By PAUL WISEMAN, AP Economics Writer
WASHINGTON (AP) — The surging cost of energy pushed wholesale prices up a record 11.2% last month from a year earlier — another sign that inflationary pressure is widespread in the U.S. economy.
The Labor Department said Wednesday that its producer price index — which measures inflation before it reaches consumers — climbed at the fastest year-over-year pace in records going back to 2010 and rose 1.4% from February. Energy prices, which soared after Russia’s Feb. 24 invasion of Ukraine, were up 36.7% from March 2021.
The wholesale inflation report came out a day after the Labor Department reported that consumer prices last month jumped 8.5% from a year earlier — fastest annual clip since December 1981.
Under pressure to combat rising prices, the Federal Reserve raised ts benchmark short-term rate by a quarter-point last month and has signaled that it plans several more hikes this year.

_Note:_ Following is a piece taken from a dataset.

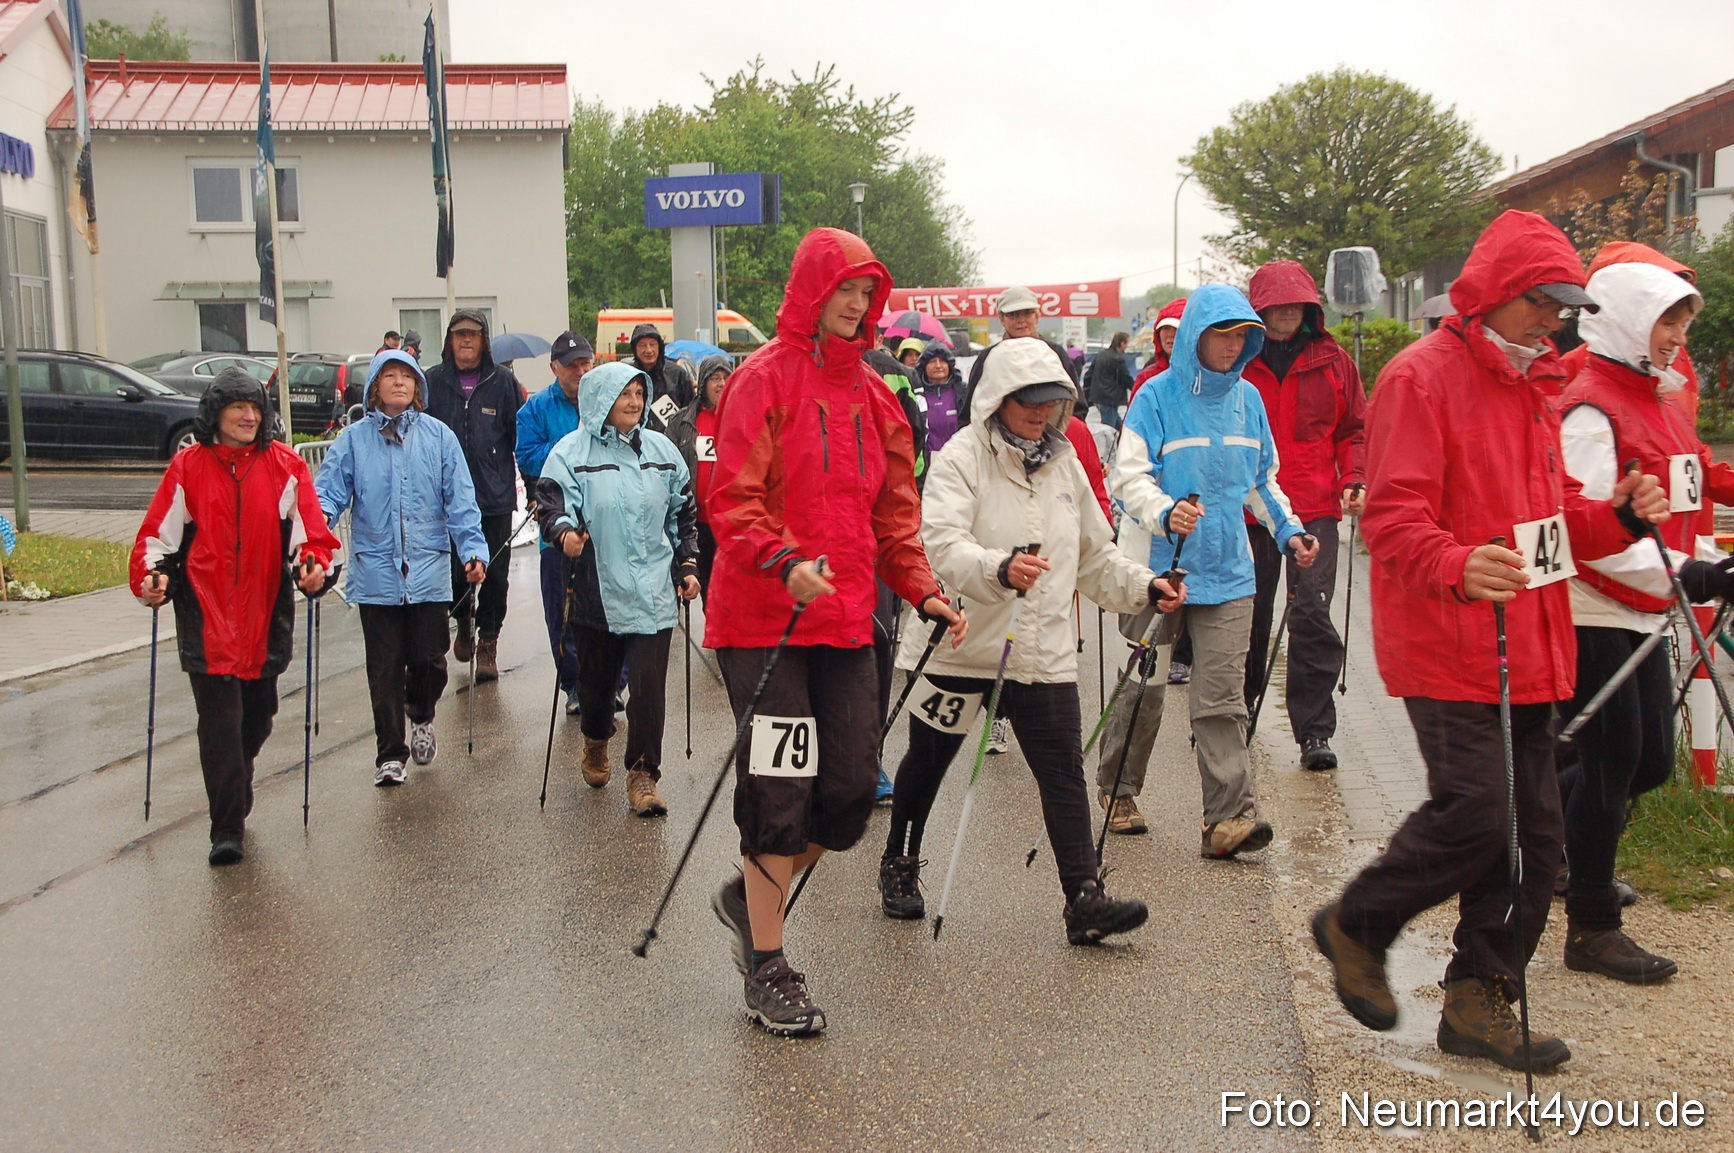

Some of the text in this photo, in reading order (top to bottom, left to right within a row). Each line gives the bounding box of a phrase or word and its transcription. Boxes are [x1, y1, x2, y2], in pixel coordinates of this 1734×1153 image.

Resurgent inflation isn’t just a U.S. phenomenon. The United Kingdom’s Office for National Statistics reported Wednesday that British consumer prices rose 7% in the 12 months that ended in March, the fastest pace in 30 years, pulled up by soaring energy costs.
An unexpectedly quick economic recovery from the pandemic recession of 2020 caught businesses by surprise. Their scramble to meet surging customer demand overwhelmed factories, ports and freight yards. The Ukraine war and draconian COVID-19 lockdowns in China have further disrupted supply chains over the past month.
“With a new wave of lockdowns in China and the war in Ukraine raging on … risks to the inflation outlook remain firmly to the upside,” economists Mahir Rasheed and Kathy Bostjancic of Oxford Economics wrote in a research report.